- **Aim of the task**
What is needed is a word-for-word transcript of the listing, free of pictures.

- **Entries shown**
[Start of section]

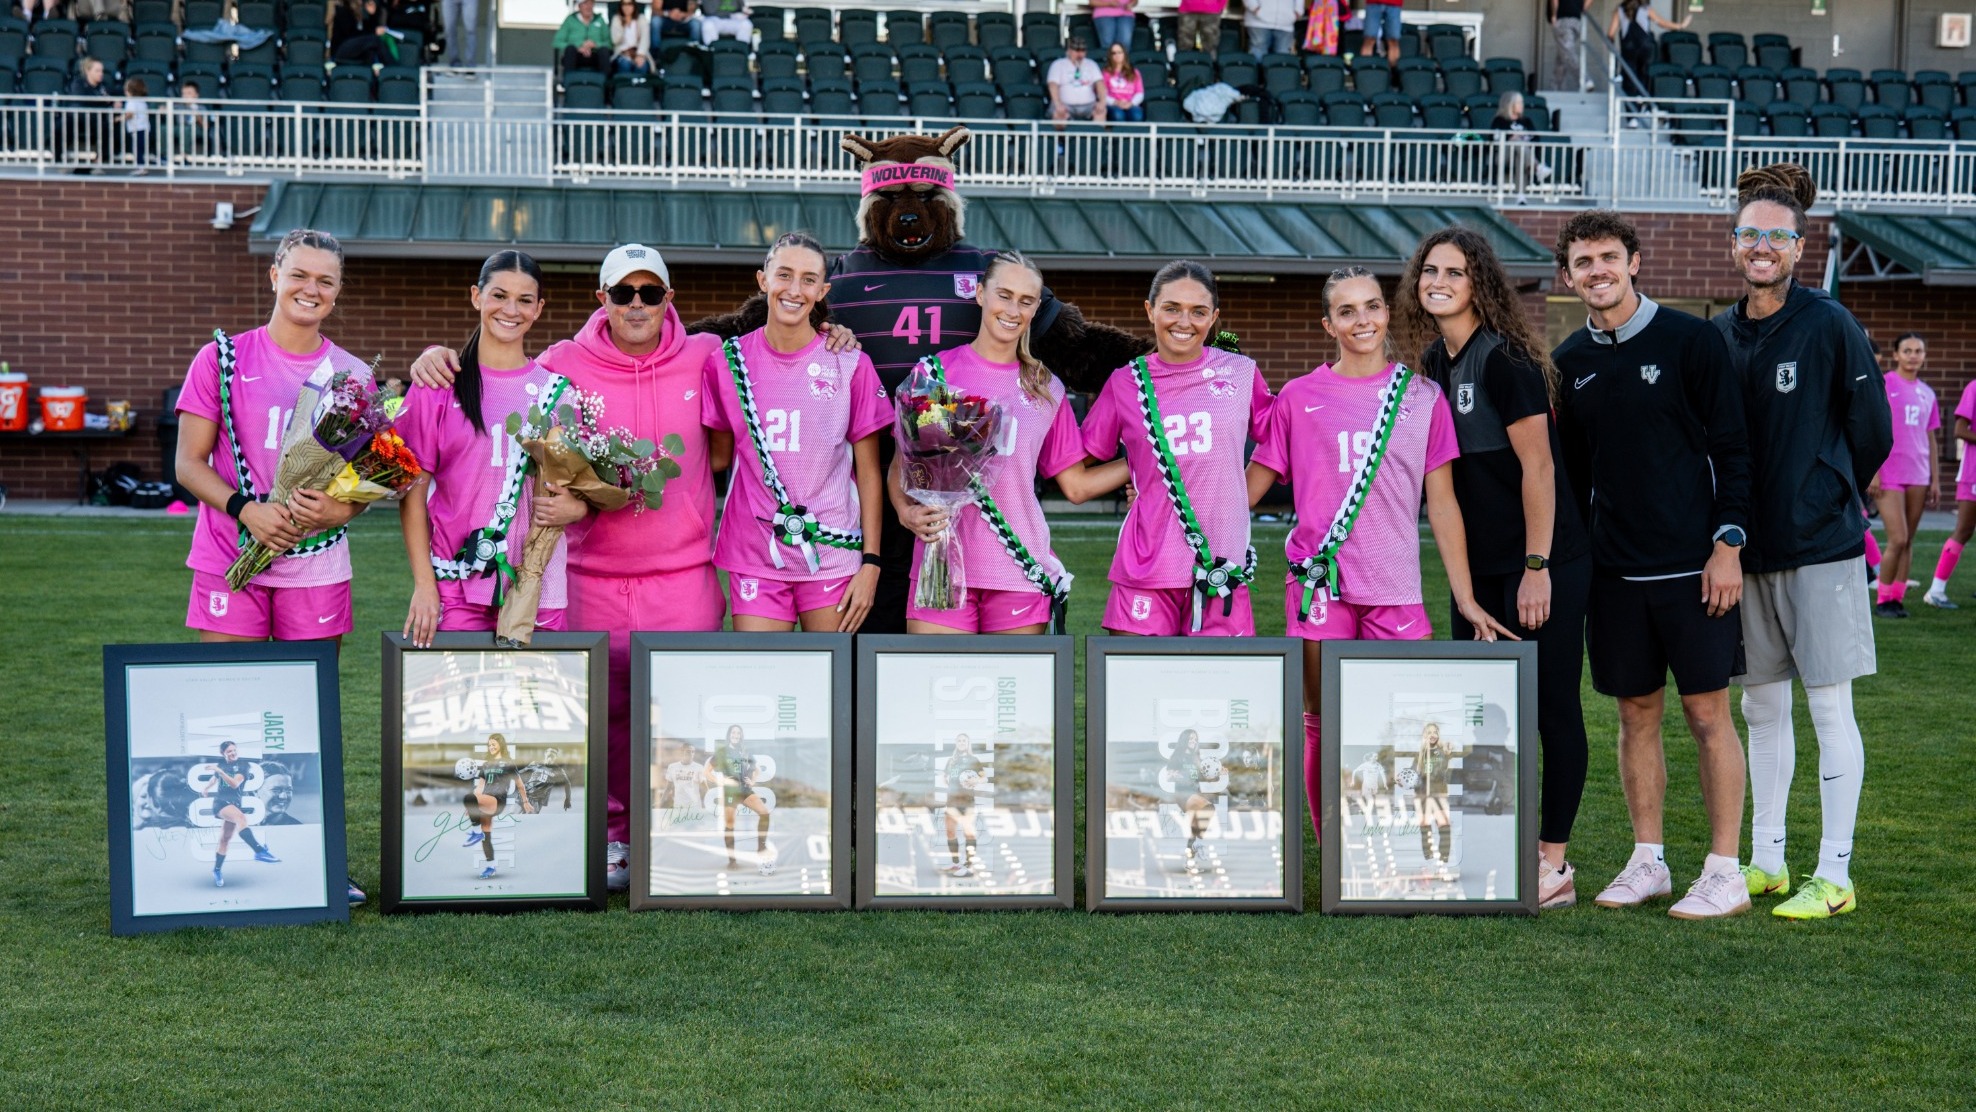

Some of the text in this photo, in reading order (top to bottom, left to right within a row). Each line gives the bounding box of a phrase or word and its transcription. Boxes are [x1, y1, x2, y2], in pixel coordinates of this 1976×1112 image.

[871, 166, 948, 184] WOLVERINE
[892, 305, 942, 345] 41
[766, 408, 801, 452] 21
[1163, 411, 1213, 456] 23
[1904, 404, 1921, 426] 12
[1337, 430, 1371, 473] 19
[777, 694, 797, 731] ADDIE
[997, 676, 1017, 734] ISABELLA
[1230, 699, 1249, 729] KATE
[1464, 693, 1484, 727] TYLIE
[263, 711, 285, 751] JACEY

[End of section]

- **Your response**
Some of the text in this photo, in reading order (top to bottom, left to right within a row). Each line gives the bounding box of a phrase or word and its transcription. Boxes are [x1, y1, x2, y2], in pixel coordinates of this 1976×1112 image.

[871, 166, 948, 184] WOLVERINE
[892, 305, 942, 345] 41
[766, 408, 801, 452] 21
[1163, 411, 1213, 456] 23
[1904, 404, 1921, 426] 12
[1337, 430, 1371, 473] 19
[777, 694, 797, 731] ADDIE
[997, 676, 1017, 734] ISABELLA
[1230, 699, 1249, 729] KATE
[1464, 693, 1484, 727] TYLIE
[263, 711, 285, 751] JACEY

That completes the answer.